→ Your objective
Every entry below should be reproduced exactly; no picture is to be included.
§
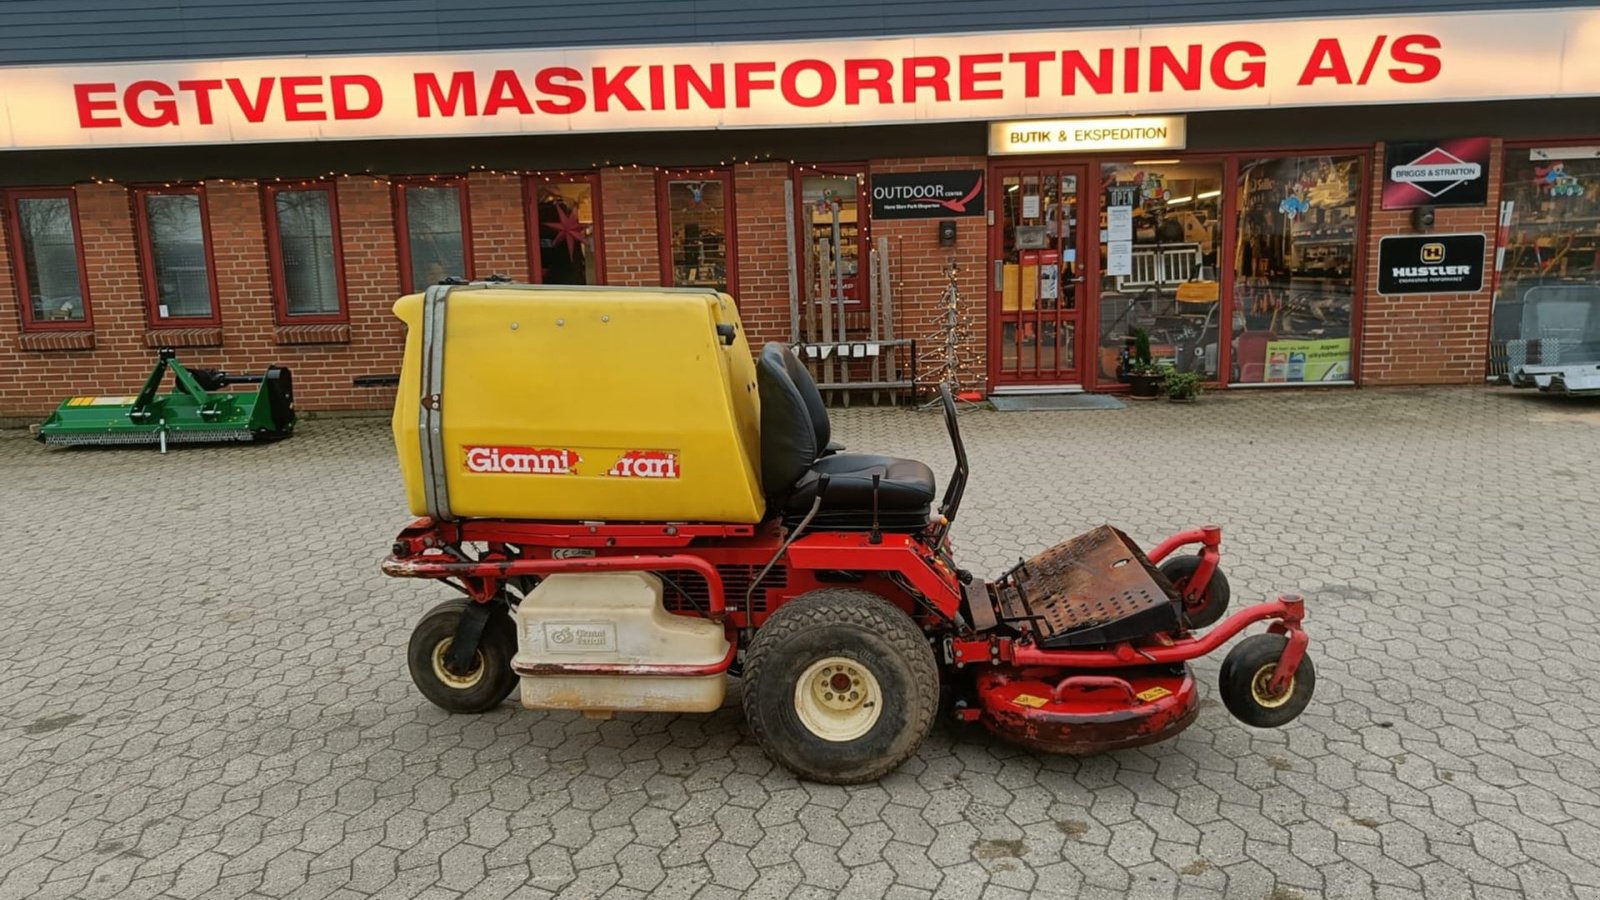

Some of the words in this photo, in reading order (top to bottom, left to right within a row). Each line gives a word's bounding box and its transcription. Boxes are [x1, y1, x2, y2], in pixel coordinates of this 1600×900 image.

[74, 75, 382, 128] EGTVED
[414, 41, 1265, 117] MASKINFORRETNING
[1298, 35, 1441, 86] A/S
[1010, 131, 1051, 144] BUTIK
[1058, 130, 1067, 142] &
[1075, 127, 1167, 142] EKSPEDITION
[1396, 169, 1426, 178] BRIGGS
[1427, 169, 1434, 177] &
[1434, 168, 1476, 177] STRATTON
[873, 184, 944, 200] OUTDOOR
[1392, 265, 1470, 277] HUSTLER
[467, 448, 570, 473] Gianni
§
→ Written answer
Some of the words in this photo, in reading order (top to bottom, left to right within a row). Each line gives a word's bounding box and its transcription. Boxes are [x1, y1, x2, y2], in pixel coordinates of this 1600×900 image.

[74, 75, 382, 128] EGTVED
[414, 41, 1265, 117] MASKINFORRETNING
[1298, 35, 1441, 86] A/S
[1010, 131, 1051, 144] BUTIK
[1058, 130, 1067, 142] &
[1075, 127, 1167, 142] EKSPEDITION
[1396, 169, 1426, 178] BRIGGS
[1427, 169, 1434, 177] &
[1434, 168, 1476, 177] STRATTON
[873, 184, 944, 200] OUTDOOR
[1392, 265, 1470, 277] HUSTLER
[467, 448, 570, 473] Gianni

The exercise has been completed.